Título: As prévias da discórdia democrata
Autor:
Fonte: O Estado de São Paulo, 08/03/2008, Notas e Informações, p. A3

As prévias e assembléias eleitorais (caucuses) nos Estados Unidos, com as suas regras muitas vezes obscuras, que podem variar de lugar para lugar e de partido para partido, exprimem a admirável tradição nacional da democracia pela base - grassroots democracy - que tanto fascinava, há 170 anos, o historiador francês Alexis de Tocqueville, autor do clássico A democracia na América. Na sucessão presidencial deste ano, esse intrincado sistema entrou ele próprio na ordem do dia, adicionando um componente perturbador ao que tem sido o maior espetáculo político da Terra, pela singularidade dos presidenciáveis do Partido Democrata e pelo andamento surpreendente do confronto entre eles.

A complexidade do processo permite a Barack Obama e a Hillary Clinton interpretar cada qual a seu modo os resultados das 44 votações completadas até aqui (faltam 12), com um total sem precedentes de 26 milhões de sufrágios.

Além disso, o resultado ainda incerto das prévias na Flórida e em Michigan, que o partido invalidou porque foram realizadas fora dos prazos estabelecidos, acrescenta uma questão espinhosa ao agora ácido contencioso entre ambos - a que o já definido candidato do Partido Republicano, John McCain, assiste de camarote. Os argumentos que a mulher do ex-presidente Bill Clinton e o primeiro negro com chances reais de disputar a Casa Branca extraem dos números que amealharam refletem visões antagônicas da enovelada lógica do sistema.

Nas primárias, como são também chamadas, escolhem-se os delegados estaduais às convenções partidárias que indicarão os aspirantes à presidência dos EUA. Os eleitores votam nos nomes que se identificam com os diferentes presidenciáveis.

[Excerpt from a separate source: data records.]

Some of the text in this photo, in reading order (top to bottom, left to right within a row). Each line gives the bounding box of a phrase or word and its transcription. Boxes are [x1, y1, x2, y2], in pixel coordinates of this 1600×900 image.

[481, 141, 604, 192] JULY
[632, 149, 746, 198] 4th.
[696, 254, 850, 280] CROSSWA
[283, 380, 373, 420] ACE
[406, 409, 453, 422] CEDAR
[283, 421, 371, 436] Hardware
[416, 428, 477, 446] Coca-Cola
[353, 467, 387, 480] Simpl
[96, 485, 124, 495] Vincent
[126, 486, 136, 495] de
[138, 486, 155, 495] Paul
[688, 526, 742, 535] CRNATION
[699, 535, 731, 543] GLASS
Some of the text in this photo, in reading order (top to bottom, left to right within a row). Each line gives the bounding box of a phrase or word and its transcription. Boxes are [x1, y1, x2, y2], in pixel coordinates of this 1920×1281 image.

Para a distribuição das vagas, os democratas adotam uma regra pela qual a margem de vitória nas urnas não dá necessariamente ao vitorioso um total proporcionalmente equivalente de delegados.

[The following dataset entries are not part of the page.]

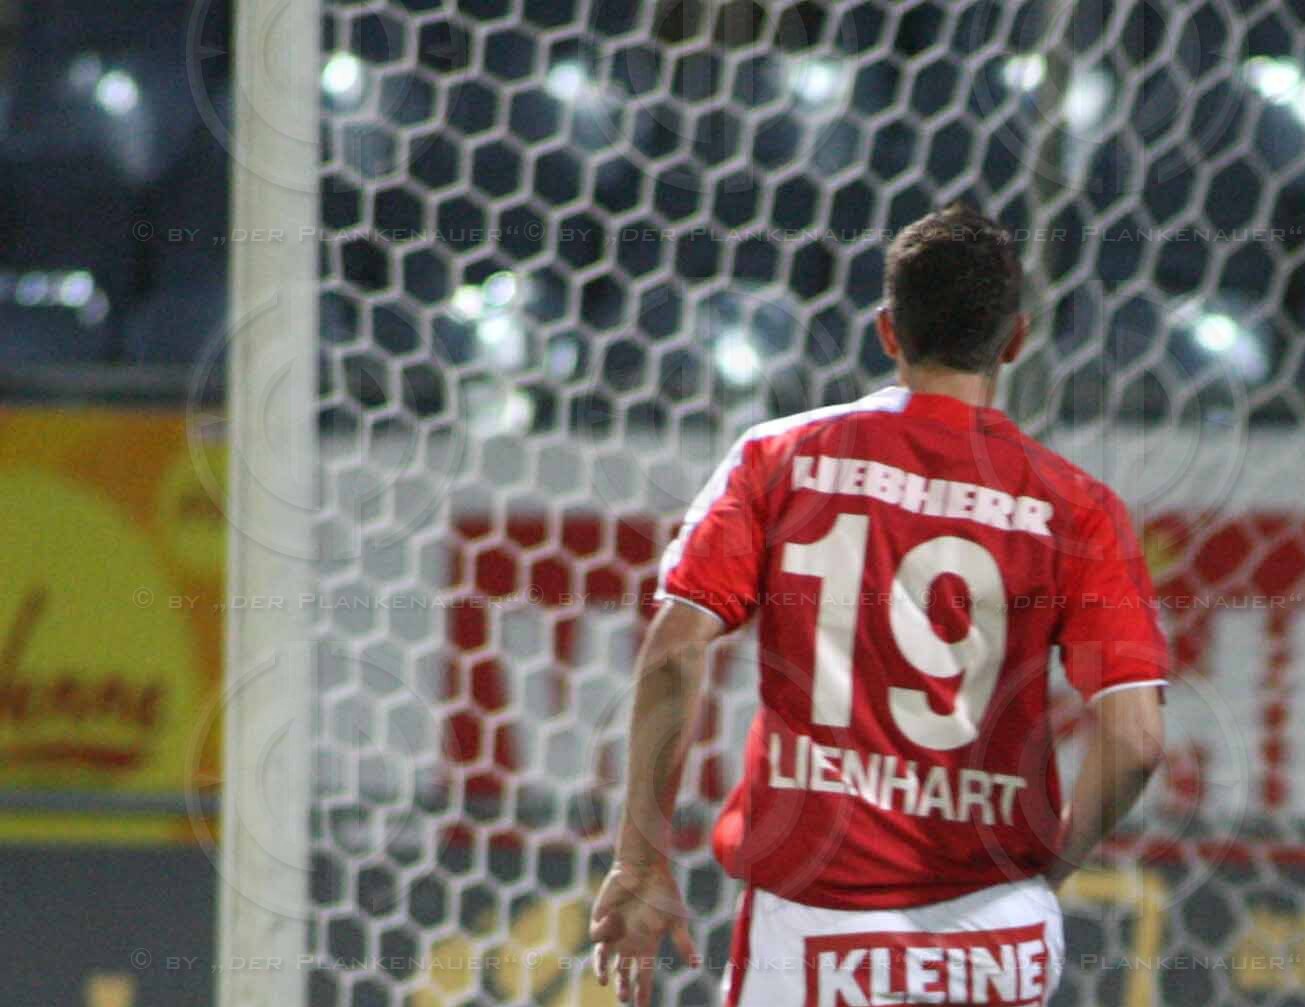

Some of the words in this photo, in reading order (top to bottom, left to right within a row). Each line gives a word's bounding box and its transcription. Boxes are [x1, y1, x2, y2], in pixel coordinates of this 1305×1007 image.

[792, 456, 1054, 536] LIEBHERR
[782, 513, 1007, 752] 19
[767, 732, 1028, 826] LIENHART
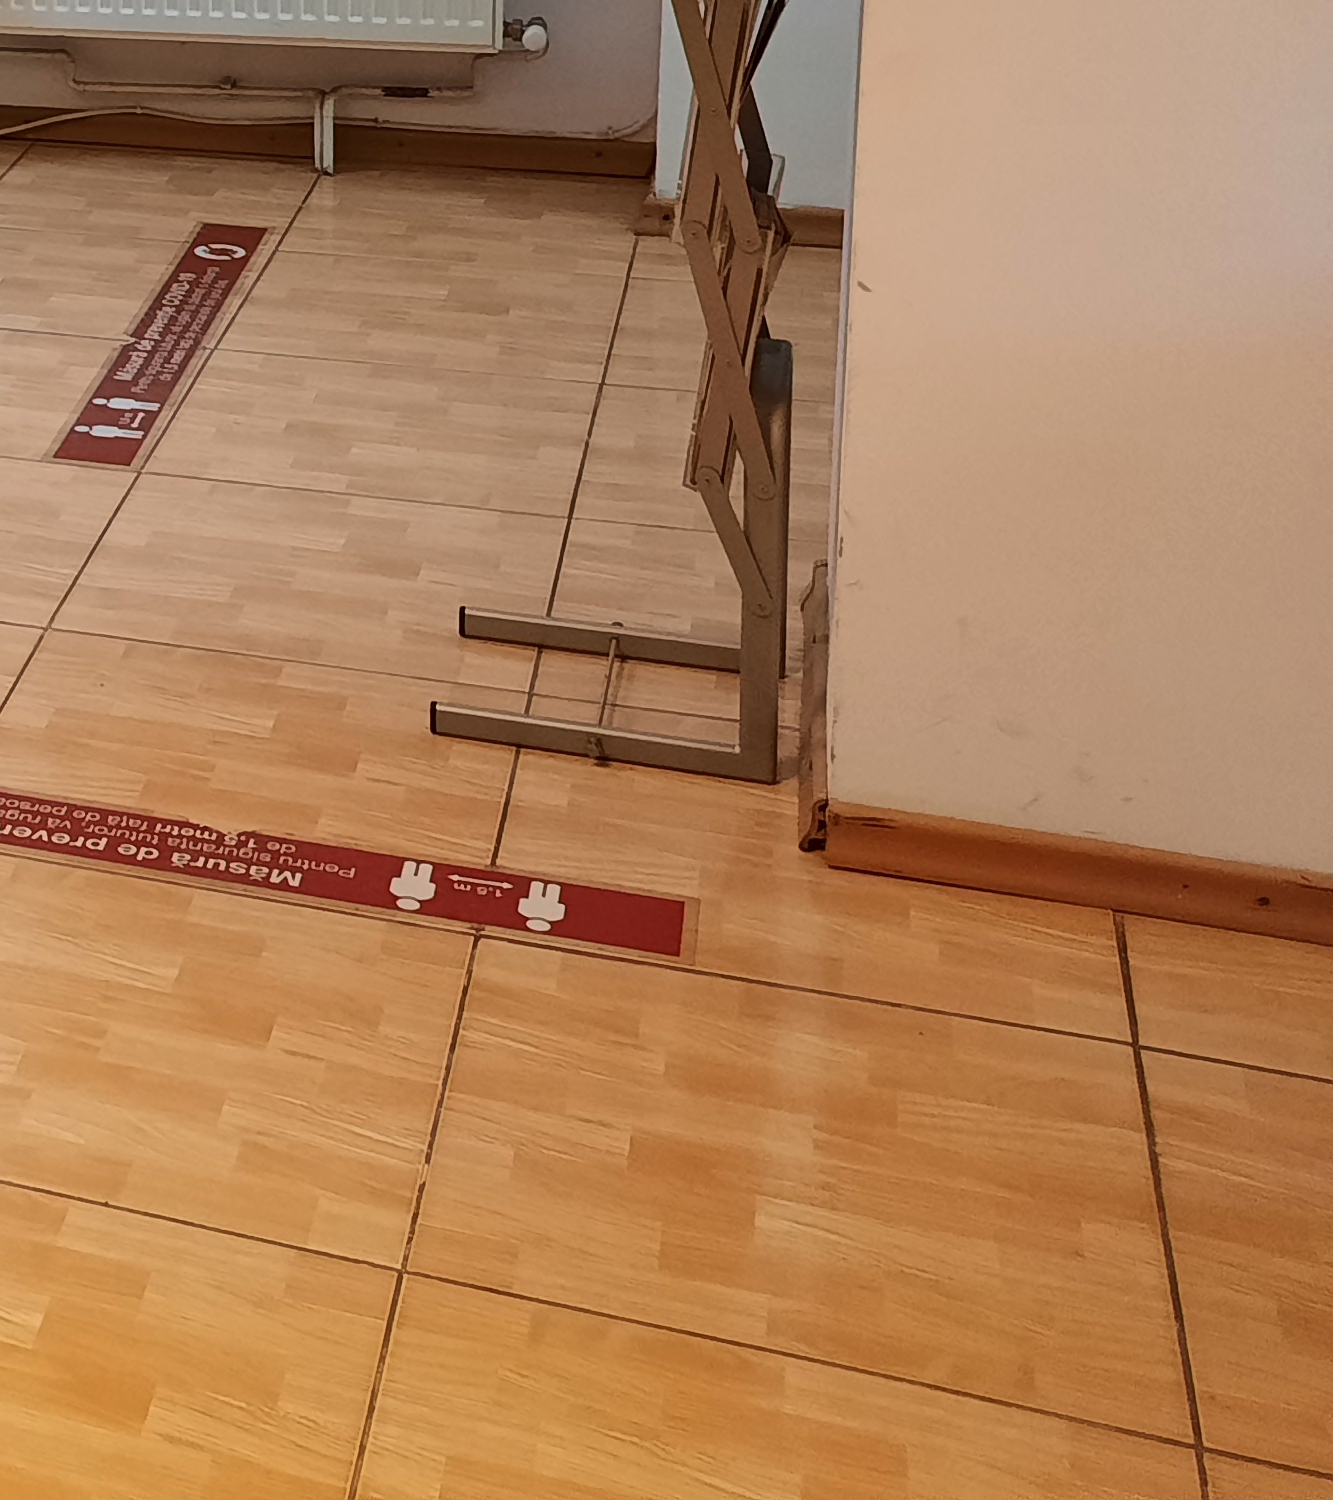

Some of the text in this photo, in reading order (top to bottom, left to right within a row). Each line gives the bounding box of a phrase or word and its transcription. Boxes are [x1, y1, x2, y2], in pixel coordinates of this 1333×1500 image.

[46, 816, 72, 830] vă
[72, 808, 102, 823] de
[81, 820, 160, 846] tuturor,
[154, 822, 219, 842] metri
[117, 843, 160, 862] de
[266, 841, 297, 854] de
[170, 852, 303, 888] Măsură
[278, 855, 357, 879] Pentru

A coisa é tão complicada que as contagens extra-oficiais não conferem. Segundo a agência Associated Press, uma das fontes mais confiáveis, Obama tem 1.360 delegados e Hillary, 1.220. Sairá candidato quem obtiver na convenção pelo menos 2.025 votos. É certo que, ao final das prévias, em 7 de junho, nem ele nem ela terão alcançado o número mágico. É quase certo também que Hillary não conseguirá suplantá-lo. A menos, talvez, que o partido decida validar as prévias da Flórida (que tem direito a 210 delegados) e de Michigan (156), como ela agora pretende, ou autorizar ali novas votações. À época, em janeiro, os candidatos chegaram a um acordo tácito de desconsiderar tais primárias. Hillary mal fez campanha naqueles Estados, onde venceu. Obama nem sequer tinha delegados em Michigan. À parte essa incógnita, o máximo a que ela pode aspirar é reduzir a dianteira de Obama para resolver a partida no tapetão.

Ou seja, pelo voto dos 796 convencionais natos, por exercerem mandatos eletivos ou cargos na estrutura partidária, livres para sufragar quem queiram. Destes superdelegados, 242 já se teriam comprometido com Hillary e 209 com o seu competidor.

Para Obama, eles não têm escolha: cabe-lhes referendar na convenção de agosto, em Denver, no Colorado, o voto das bases democratas que lhe tiverem dado a maioria dos delegados. O contrário seria trair a vontade popular (com o impacto, vai sem dizer, que teria a decisão de uma caciquia predominantemente branca de cortar o caminho do primeiro negro com chance, de fato, de se tornar presidente).

Hillary discorda. Se o partido quer mesmo bater McCain, a circunstância de ela ser derrotada na maioria das prévias, enfatiza, deve pesar menos do que os seus êxitos nos Estados mais populosos, por isso mesmo cruciais para o desfecho do pleito de novembro: Califórnia, Nova York, Texas, New Jersey, Flórida - e, quem sabe, Pensilvânia, em 22 de abril.

Hillary brande ainda a sua vitória em Ohio, na terça-feira, quando quebrou a série de 11 vitórias consecutivas de Obama. Não só porque Ohio foi o marco da sua formidável volta por cima, mas porque todos os presidentes que se elegeram nos últimos 44 anos ganharam ali. O pior, para os democratas, é a crescente acrimônia entre os dois, com acusações mútuas que vão se empilhando - e que a campanha de McCain não deixará de explorar.